Pope Francis’ teachings were at the beginning and centre of our work when designing a new study. ‘Between resistance and adaptation to change. Resisting, adapting, proposing: How six indigenous communities from Latin America and Asia deal with threats to their territories and their lifestyles’ (available in French, English and Spanish) is a study conducted by the Secours Catholique-Caritas France and six of our international partners: Caritas Bangladesh, KMSS Loikaw in Myanmar, MASS in India, CENDI in Vietnam, SAIPE in Peru and CIPCA in Bolivia.

Started at the end of 2018, the study wanted to link the concerns of Caritas France’s international partners and the demands for advocacy in the face of an increasingly worrying climate emergency.

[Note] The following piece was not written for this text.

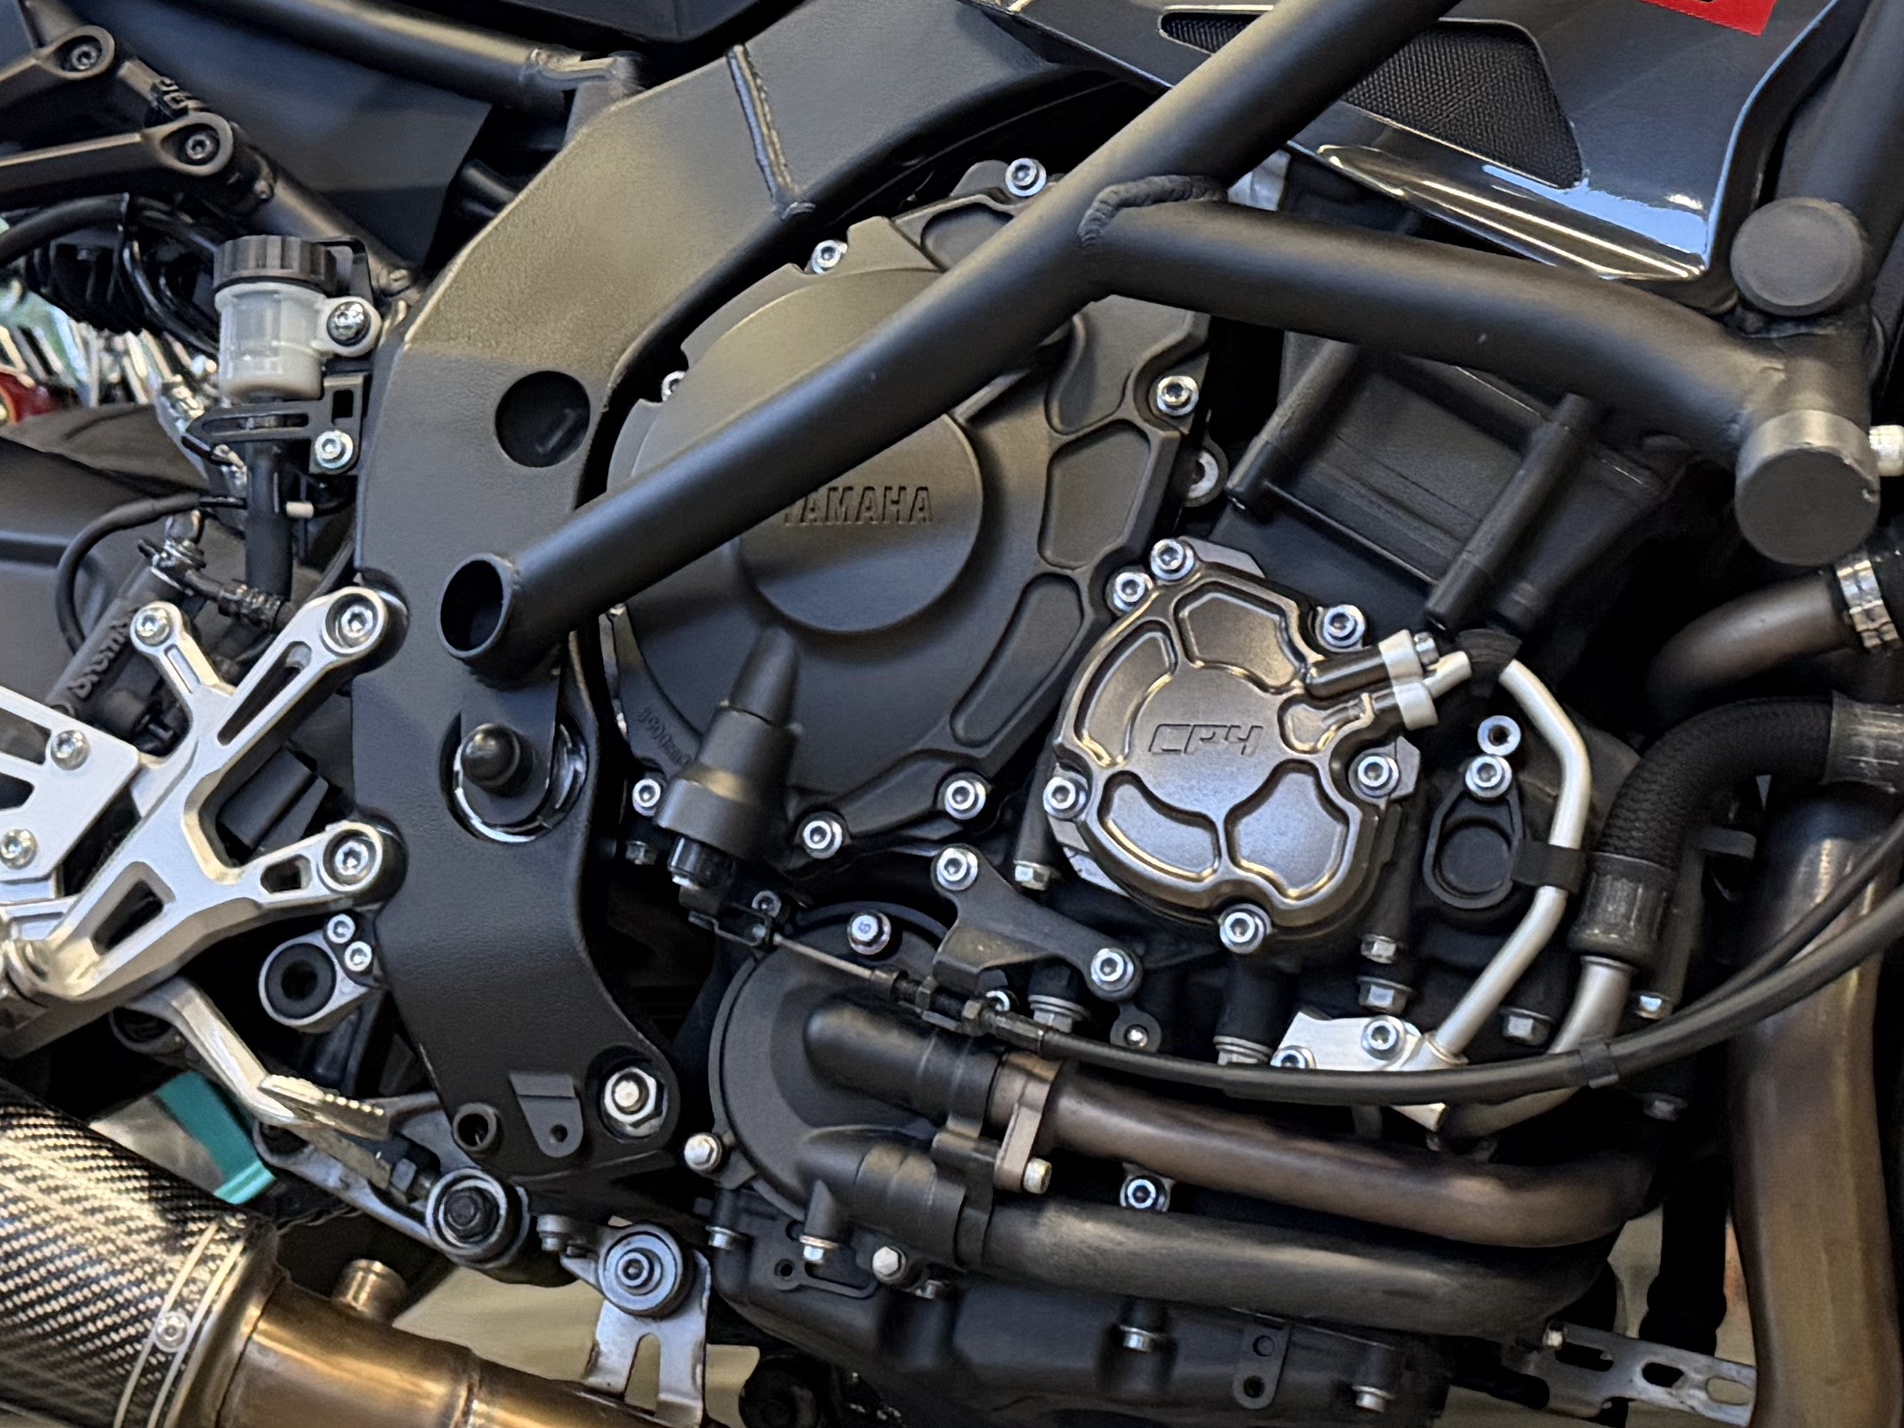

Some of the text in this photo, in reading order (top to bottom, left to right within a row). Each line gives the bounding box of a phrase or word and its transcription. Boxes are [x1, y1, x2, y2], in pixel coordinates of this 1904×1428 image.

[783, 485, 933, 526] AMAHA
[66, 606, 142, 700] bremb
[1148, 723, 1264, 756] CP4

While we are going through a crisis that is environmental, social, economic, and political, indigenous peoples are alerting us to the threat that the globalized economic system poses to their ways of life and their territories. Indigenous peoples represent only 5% of the world’s population but 15% of the number of people living in extreme poverty in the world. They generally face exclusion, discrimination, poverty, population pressure, land fragmentation, the impact of climate change and the need for cash. The promotion of the extractivist model in their territories has also caused a profound cultural, social, economic and identity disruption in these societies. All the communities visited said to us how climate change is affecting their lives.

As Pope Francis remarks, whether in Asia or Latin America, the majority of the communities that participated in the study presented nature as a divine gift and have a singular relationship to the land and to nature. In these representations of the world, nature is constitutive of identity, humans belong to the earth and find their place as part of a larger whole. Their worldview and practices emphasize a strong link between nature and culture, territory and identity, individual and collective, economy and solidarity, tradition and modernity, echoing the concept of integral ecology. Indigenous peoples inspire us and oblige us. Faced with a system that exhausts the planet, we must collectively reinvent our relationship with the World.

This threat to indigenous peoples is also ours! Because they, like us, are all confronted with this dilemma: You would not let your land die.